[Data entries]
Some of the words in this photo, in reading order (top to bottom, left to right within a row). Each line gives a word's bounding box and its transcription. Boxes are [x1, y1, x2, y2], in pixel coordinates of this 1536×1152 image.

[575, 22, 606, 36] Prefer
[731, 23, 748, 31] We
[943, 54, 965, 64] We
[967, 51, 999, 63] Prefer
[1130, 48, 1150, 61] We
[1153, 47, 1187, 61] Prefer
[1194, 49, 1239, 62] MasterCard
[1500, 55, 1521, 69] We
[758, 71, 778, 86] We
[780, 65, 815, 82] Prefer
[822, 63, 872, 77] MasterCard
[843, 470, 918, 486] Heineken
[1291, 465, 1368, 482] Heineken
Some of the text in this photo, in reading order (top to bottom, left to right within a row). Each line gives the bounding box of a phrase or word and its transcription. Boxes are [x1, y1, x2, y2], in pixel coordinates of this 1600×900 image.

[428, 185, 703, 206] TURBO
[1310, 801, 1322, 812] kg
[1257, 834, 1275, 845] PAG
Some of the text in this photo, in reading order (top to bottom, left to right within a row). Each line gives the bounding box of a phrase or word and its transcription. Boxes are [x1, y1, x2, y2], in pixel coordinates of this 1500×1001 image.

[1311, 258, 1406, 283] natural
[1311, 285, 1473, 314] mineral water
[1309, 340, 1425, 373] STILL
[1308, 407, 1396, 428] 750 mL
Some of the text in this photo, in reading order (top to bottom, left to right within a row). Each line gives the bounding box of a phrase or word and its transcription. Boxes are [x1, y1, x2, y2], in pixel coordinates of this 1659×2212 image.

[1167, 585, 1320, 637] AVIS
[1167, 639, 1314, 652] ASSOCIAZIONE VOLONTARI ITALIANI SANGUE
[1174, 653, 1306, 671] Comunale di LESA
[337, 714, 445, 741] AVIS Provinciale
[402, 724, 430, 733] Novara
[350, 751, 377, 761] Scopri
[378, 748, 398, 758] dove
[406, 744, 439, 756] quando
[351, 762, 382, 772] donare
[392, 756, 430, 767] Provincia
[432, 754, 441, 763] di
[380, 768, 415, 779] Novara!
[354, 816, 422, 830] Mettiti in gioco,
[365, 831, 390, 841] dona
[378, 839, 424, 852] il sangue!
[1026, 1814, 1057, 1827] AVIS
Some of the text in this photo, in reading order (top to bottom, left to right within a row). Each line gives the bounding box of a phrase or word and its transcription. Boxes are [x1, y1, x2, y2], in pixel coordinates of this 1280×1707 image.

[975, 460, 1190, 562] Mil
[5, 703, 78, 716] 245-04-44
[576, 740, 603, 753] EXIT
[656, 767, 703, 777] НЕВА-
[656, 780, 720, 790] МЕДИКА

■ ASSIGNMENT:
Please transcribe every entry above exactly as it appears.

■ SOLVED EXERCISE:
Some of the words in this photo, in reading order (top to bottom, left to right within a row). Each line gives a word's bounding box and its transcription. Boxes are [x1, y1, x2, y2], in pixel coordinates of this 1536×1152 image.

[575, 22, 606, 36] Prefer
[731, 23, 748, 31] We
[943, 54, 965, 64] We
[967, 51, 999, 63] Prefer
[1130, 48, 1150, 61] We
[1153, 47, 1187, 61] Prefer
[1194, 49, 1239, 62] MasterCard
[1500, 55, 1521, 69] We
[758, 71, 778, 86] We
[780, 65, 815, 82] Prefer
[822, 63, 872, 77] MasterCard
[843, 470, 918, 486] Heineken
[1291, 465, 1368, 482] Heineken
Some of the text in this photo, in reading order (top to bottom, left to right within a row). Each line gives the bounding box of a phrase or word and its transcription. Boxes are [x1, y1, x2, y2], in pixel coordinates of this 1600×900 image.

[428, 185, 703, 206] TURBO
[1310, 801, 1322, 812] kg
[1257, 834, 1275, 845] PAG
Some of the text in this photo, in reading order (top to bottom, left to right within a row). Each line gives the bounding box of a phrase or word and its transcription. Boxes are [x1, y1, x2, y2], in pixel coordinates of this 1500×1001 image.

[1311, 258, 1406, 283] natural
[1311, 285, 1473, 314] mineral water
[1309, 340, 1425, 373] STILL
[1308, 407, 1396, 428] 750 mL
Some of the text in this photo, in reading order (top to bottom, left to right within a row). Each line gives the bounding box of a phrase or word and its transcription. Boxes are [x1, y1, x2, y2], in pixel coordinates of this 1659×2212 image.

[1167, 585, 1320, 637] AVIS
[1167, 639, 1314, 652] ASSOCIAZIONE VOLONTARI ITALIANI SANGUE
[1174, 653, 1306, 671] Comunale di LESA
[337, 714, 445, 741] AVIS Provinciale
[402, 724, 430, 733] Novara
[350, 751, 377, 761] Scopri
[378, 748, 398, 758] dove
[406, 744, 439, 756] quando
[351, 762, 382, 772] donare
[392, 756, 430, 767] Provincia
[432, 754, 441, 763] di
[380, 768, 415, 779] Novara!
[354, 816, 422, 830] Mettiti in gioco,
[365, 831, 390, 841] dona
[378, 839, 424, 852] il sangue!
[1026, 1814, 1057, 1827] AVIS
Some of the text in this photo, in reading order (top to bottom, left to right within a row). Each line gives the bounding box of a phrase or word and its transcription. Boxes are [x1, y1, x2, y2], in pixel coordinates of this 1280×1707 image.

[975, 460, 1190, 562] Mil
[5, 703, 78, 716] 245-04-44
[576, 740, 603, 753] EXIT
[656, 767, 703, 777] НЕВА-
[656, 780, 720, 790] МЕДИКА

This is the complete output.